__Input__:
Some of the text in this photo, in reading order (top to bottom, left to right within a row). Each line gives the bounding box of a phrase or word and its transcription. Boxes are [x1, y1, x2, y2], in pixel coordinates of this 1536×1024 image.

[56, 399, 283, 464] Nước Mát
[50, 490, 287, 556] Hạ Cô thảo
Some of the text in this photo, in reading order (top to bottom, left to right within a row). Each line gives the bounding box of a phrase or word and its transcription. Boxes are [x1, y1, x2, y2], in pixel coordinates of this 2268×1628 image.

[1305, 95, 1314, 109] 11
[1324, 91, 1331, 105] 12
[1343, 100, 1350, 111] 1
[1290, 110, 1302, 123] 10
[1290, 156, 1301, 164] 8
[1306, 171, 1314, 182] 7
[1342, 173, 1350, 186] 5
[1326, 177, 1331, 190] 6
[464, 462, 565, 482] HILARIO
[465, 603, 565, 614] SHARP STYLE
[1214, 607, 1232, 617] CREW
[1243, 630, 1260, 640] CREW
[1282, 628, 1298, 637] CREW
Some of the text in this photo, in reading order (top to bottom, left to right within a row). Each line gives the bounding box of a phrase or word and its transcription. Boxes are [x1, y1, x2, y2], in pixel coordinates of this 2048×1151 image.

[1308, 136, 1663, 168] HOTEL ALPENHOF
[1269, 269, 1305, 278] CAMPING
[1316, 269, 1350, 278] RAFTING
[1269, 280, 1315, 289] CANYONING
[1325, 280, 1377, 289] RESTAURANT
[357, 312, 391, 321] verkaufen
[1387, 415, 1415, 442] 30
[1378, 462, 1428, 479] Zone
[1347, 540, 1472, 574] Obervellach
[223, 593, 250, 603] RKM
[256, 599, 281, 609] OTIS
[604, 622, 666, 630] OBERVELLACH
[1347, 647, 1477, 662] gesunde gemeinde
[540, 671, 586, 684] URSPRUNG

__What the exercise asks__:
Line by line, print the listing above exactly.

__Exercise output__:
Some of the text in this photo, in reading order (top to bottom, left to right within a row). Each line gives the bounding box of a phrase or word and its transcription. Boxes are [x1, y1, x2, y2], in pixel coordinates of this 1536×1024 image.

[56, 399, 283, 464] Nước Mát
[50, 490, 287, 556] Hạ Cô thảo
Some of the text in this photo, in reading order (top to bottom, left to right within a row). Each line gives the bounding box of a phrase or word and its transcription. Boxes are [x1, y1, x2, y2], in pixel coordinates of this 2268×1628 image.

[1305, 95, 1314, 109] 11
[1324, 91, 1331, 105] 12
[1343, 100, 1350, 111] 1
[1290, 110, 1302, 123] 10
[1290, 156, 1301, 164] 8
[1306, 171, 1314, 182] 7
[1342, 173, 1350, 186] 5
[1326, 177, 1331, 190] 6
[464, 462, 565, 482] HILARIO
[465, 603, 565, 614] SHARP STYLE
[1214, 607, 1232, 617] CREW
[1243, 630, 1260, 640] CREW
[1282, 628, 1298, 637] CREW
Some of the text in this photo, in reading order (top to bottom, left to right within a row). Each line gives the bounding box of a phrase or word and its transcription. Boxes are [x1, y1, x2, y2], in pixel coordinates of this 2048×1151 image.

[1308, 136, 1663, 168] HOTEL ALPENHOF
[1269, 269, 1305, 278] CAMPING
[1316, 269, 1350, 278] RAFTING
[1269, 280, 1315, 289] CANYONING
[1325, 280, 1377, 289] RESTAURANT
[357, 312, 391, 321] verkaufen
[1387, 415, 1415, 442] 30
[1378, 462, 1428, 479] Zone
[1347, 540, 1472, 574] Obervellach
[223, 593, 250, 603] RKM
[256, 599, 281, 609] OTIS
[604, 622, 666, 630] OBERVELLACH
[1347, 647, 1477, 662] gesunde gemeinde
[540, 671, 586, 684] URSPRUNG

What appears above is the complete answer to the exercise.